- [Supplied entries]:
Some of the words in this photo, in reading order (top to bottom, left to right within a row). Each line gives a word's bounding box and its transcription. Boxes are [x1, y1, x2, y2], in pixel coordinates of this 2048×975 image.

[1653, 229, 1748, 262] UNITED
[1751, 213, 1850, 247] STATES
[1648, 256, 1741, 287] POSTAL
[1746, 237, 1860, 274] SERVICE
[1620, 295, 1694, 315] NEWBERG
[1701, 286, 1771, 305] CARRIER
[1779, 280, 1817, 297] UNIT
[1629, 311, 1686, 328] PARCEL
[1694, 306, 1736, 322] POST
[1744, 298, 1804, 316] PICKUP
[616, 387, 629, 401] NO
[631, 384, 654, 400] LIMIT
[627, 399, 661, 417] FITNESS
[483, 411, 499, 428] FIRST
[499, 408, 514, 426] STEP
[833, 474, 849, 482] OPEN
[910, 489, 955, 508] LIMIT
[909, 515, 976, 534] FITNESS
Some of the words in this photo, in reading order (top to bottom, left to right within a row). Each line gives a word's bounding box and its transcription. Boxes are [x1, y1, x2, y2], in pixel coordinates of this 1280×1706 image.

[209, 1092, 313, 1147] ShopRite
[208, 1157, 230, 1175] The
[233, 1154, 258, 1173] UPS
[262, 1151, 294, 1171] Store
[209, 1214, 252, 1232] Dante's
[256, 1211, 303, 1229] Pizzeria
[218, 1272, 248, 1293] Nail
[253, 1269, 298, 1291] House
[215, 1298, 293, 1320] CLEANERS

- [Problem details]:
Without changing a single word, reproduce the entries above.

- [Solved problem]:
Some of the words in this photo, in reading order (top to bottom, left to right within a row). Each line gives a word's bounding box and its transcription. Boxes are [x1, y1, x2, y2], in pixel coordinates of this 2048×975 image.

[1653, 229, 1748, 262] UNITED
[1751, 213, 1850, 247] STATES
[1648, 256, 1741, 287] POSTAL
[1746, 237, 1860, 274] SERVICE
[1620, 295, 1694, 315] NEWBERG
[1701, 286, 1771, 305] CARRIER
[1779, 280, 1817, 297] UNIT
[1629, 311, 1686, 328] PARCEL
[1694, 306, 1736, 322] POST
[1744, 298, 1804, 316] PICKUP
[616, 387, 629, 401] NO
[631, 384, 654, 400] LIMIT
[627, 399, 661, 417] FITNESS
[483, 411, 499, 428] FIRST
[499, 408, 514, 426] STEP
[833, 474, 849, 482] OPEN
[910, 489, 955, 508] LIMIT
[909, 515, 976, 534] FITNESS
Some of the words in this photo, in reading order (top to bottom, left to right within a row). Each line gives a word's bounding box and its transcription. Boxes are [x1, y1, x2, y2], in pixel coordinates of this 1280×1706 image.

[209, 1092, 313, 1147] ShopRite
[208, 1157, 230, 1175] The
[233, 1154, 258, 1173] UPS
[262, 1151, 294, 1171] Store
[209, 1214, 252, 1232] Dante's
[256, 1211, 303, 1229] Pizzeria
[218, 1272, 248, 1293] Nail
[253, 1269, 298, 1291] House
[215, 1298, 293, 1320] CLEANERS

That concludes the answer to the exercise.